We measured past VR use to capture the potential "novelty effects" of using a headset before the study64. To do so, we asked participants whether they had ever experienced virtual reality. Response options included yes and no as well as "not sure." No participants indicated they were unsure whether they had used VR.

Analyses

Survey data were first screened for missing values. Five missing cases were found for rumination in the control condition and imputed using expectation maximization (EM)83. The single item measuring suicidal ideation was also imputed for the UIUC participants. The Clemson data were screened for systematic causes of missingness utilizing Little's test of missing completely at random (MCAR)84. Non-significant results indicated that data were MCAR (χ2 = 500.56, DF = 610, p > 0.05). An EM technique was employed to impute these data. Rates of missingness ranged from 25 to 28% for mental health outcomes and 49% for sleep and physical activity.

Sample characteristics were described based on the variable type. Continuous measures were reported with means and standard deviations or medians and interquartile ranges (IQRs) depending on distribution. Binary measures were reported as counts and frequencies. Differences between pre- and post-interventions were compared with paired sample t-tests.

We used four sets of stepwise regressions with changes in worry, panic, depressive symptoms, and rumination as the outcomes. Base models included gender, semester (during the COVID-19 pandemic or not), and sleep and physical activity changes. Change scores for time-variant confounders were used to simplify the models and optimize statistical power. The final models added the experimental condition as a dummy variable with the control as the reference group. Statistical significance was defined by p < 0.05. Analyses were completed in R V4.1.2 (R Foundation, Vienna, Austria).
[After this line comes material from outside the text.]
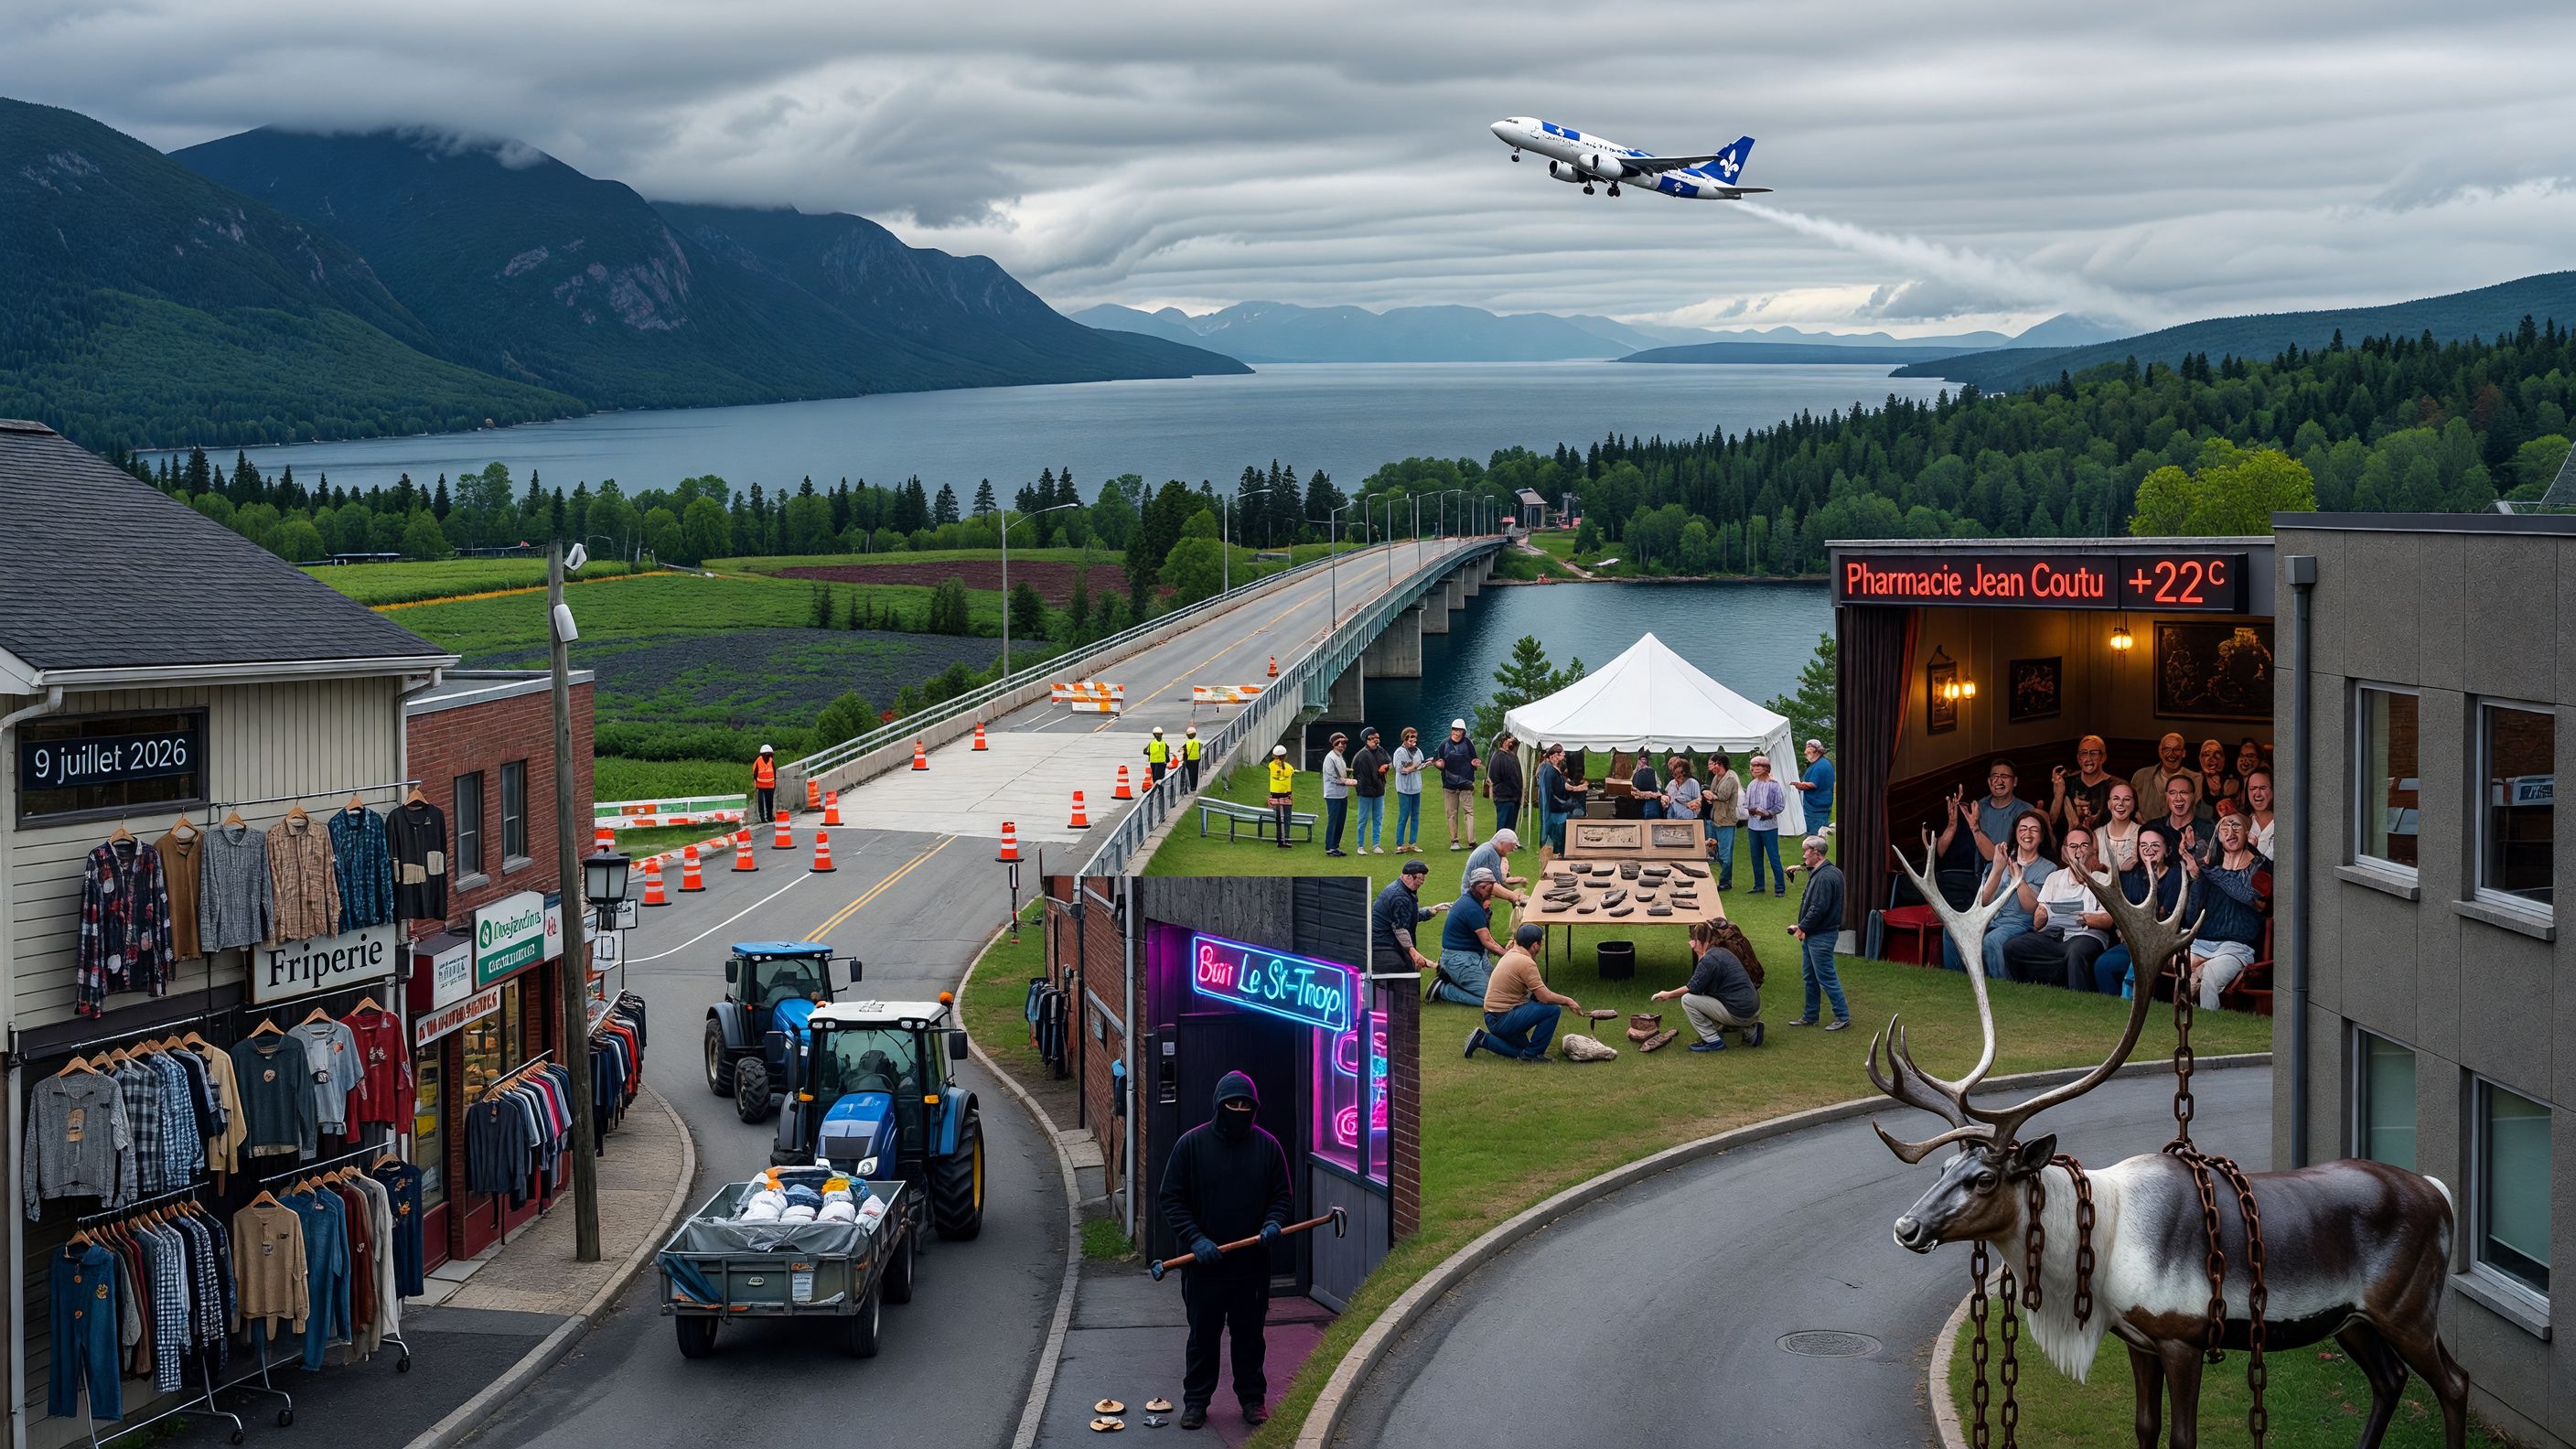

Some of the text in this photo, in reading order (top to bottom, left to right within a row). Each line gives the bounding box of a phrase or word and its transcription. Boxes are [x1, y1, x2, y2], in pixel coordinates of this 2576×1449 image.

[1847, 562, 2104, 597] Pharmacie Jean Coutu
[35, 738, 187, 785] 9 juillet 2026
[265, 933, 383, 989] Friperie
[1238, 953, 1261, 993] Le
Moderation tests were performed among the subsample of virtual nature participants. We compared the effects of virtual nature among women vs. men, past VR users vs. new VR users, and low vs. high levels of engagement with beauty, nature visitation, and camping experiences. Participants were categorized between the three latter variables into low vs. high levels using median splits: low engagement with beauty ≤ 5; low nature visits ≤ 4 (6 to 9 times in the past year); low camping experiences ≤ 2 (1 time over the lifetime).